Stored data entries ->
╔══
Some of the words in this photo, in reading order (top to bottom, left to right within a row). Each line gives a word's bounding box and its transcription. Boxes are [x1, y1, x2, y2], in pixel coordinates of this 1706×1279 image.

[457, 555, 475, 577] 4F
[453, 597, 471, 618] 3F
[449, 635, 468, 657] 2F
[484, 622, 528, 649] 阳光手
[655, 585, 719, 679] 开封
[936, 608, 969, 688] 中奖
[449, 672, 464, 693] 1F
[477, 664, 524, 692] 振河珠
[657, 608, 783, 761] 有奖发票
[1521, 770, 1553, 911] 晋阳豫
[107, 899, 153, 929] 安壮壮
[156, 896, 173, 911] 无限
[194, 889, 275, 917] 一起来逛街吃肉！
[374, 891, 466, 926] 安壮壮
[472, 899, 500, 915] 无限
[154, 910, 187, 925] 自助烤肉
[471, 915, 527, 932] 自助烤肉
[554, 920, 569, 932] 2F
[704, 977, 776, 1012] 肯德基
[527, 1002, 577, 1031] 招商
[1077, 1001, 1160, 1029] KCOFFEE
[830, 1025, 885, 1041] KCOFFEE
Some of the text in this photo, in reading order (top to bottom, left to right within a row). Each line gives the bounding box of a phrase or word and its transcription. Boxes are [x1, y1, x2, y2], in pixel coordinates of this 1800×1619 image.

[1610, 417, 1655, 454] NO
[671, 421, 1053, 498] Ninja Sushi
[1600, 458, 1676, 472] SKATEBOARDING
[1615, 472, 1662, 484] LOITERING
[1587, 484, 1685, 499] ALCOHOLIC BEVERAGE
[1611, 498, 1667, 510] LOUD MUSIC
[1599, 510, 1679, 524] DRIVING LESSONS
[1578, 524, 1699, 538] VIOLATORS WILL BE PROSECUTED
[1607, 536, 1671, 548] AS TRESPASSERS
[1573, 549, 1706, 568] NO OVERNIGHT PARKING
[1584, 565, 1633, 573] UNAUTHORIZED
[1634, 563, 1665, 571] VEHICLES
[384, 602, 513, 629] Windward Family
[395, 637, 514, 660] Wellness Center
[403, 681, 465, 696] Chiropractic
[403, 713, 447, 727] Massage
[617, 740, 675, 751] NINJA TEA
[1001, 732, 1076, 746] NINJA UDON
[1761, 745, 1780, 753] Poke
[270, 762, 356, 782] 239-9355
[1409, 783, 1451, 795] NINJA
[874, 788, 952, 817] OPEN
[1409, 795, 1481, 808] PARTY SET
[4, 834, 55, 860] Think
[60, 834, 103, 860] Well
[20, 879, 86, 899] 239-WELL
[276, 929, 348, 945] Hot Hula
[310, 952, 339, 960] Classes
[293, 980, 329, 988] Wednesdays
╚══
Problem -> Print the entries above exactly as they were written, down to the last line.

Answer to this problem ->
Some of the words in this photo, in reading order (top to bottom, left to right within a row). Each line gives a word's bounding box and its transcription. Boxes are [x1, y1, x2, y2], in pixel coordinates of this 1706×1279 image.

[457, 555, 475, 577] 4F
[453, 597, 471, 618] 3F
[449, 635, 468, 657] 2F
[484, 622, 528, 649] 阳光手
[655, 585, 719, 679] 开封
[936, 608, 969, 688] 中奖
[449, 672, 464, 693] 1F
[477, 664, 524, 692] 振河珠
[657, 608, 783, 761] 有奖发票
[1521, 770, 1553, 911] 晋阳豫
[107, 899, 153, 929] 安壮壮
[156, 896, 173, 911] 无限
[194, 889, 275, 917] 一起来逛街吃肉！
[374, 891, 466, 926] 安壮壮
[472, 899, 500, 915] 无限
[154, 910, 187, 925] 自助烤肉
[471, 915, 527, 932] 自助烤肉
[554, 920, 569, 932] 2F
[704, 977, 776, 1012] 肯德基
[527, 1002, 577, 1031] 招商
[1077, 1001, 1160, 1029] KCOFFEE
[830, 1025, 885, 1041] KCOFFEE
Some of the text in this photo, in reading order (top to bottom, left to right within a row). Each line gives the bounding box of a phrase or word and its transcription. Boxes are [x1, y1, x2, y2], in pixel coordinates of this 1800×1619 image.

[1610, 417, 1655, 454] NO
[671, 421, 1053, 498] Ninja Sushi
[1600, 458, 1676, 472] SKATEBOARDING
[1615, 472, 1662, 484] LOITERING
[1587, 484, 1685, 499] ALCOHOLIC BEVERAGE
[1611, 498, 1667, 510] LOUD MUSIC
[1599, 510, 1679, 524] DRIVING LESSONS
[1578, 524, 1699, 538] VIOLATORS WILL BE PROSECUTED
[1607, 536, 1671, 548] AS TRESPASSERS
[1573, 549, 1706, 568] NO OVERNIGHT PARKING
[1584, 565, 1633, 573] UNAUTHORIZED
[1634, 563, 1665, 571] VEHICLES
[384, 602, 513, 629] Windward Family
[395, 637, 514, 660] Wellness Center
[403, 681, 465, 696] Chiropractic
[403, 713, 447, 727] Massage
[617, 740, 675, 751] NINJA TEA
[1001, 732, 1076, 746] NINJA UDON
[1761, 745, 1780, 753] Poke
[270, 762, 356, 782] 239-9355
[1409, 783, 1451, 795] NINJA
[874, 788, 952, 817] OPEN
[1409, 795, 1481, 808] PARTY SET
[4, 834, 55, 860] Think
[60, 834, 103, 860] Well
[20, 879, 86, 899] 239-WELL
[276, 929, 348, 945] Hot Hula
[310, 952, 339, 960] Classes
[293, 980, 329, 988] Wednesdays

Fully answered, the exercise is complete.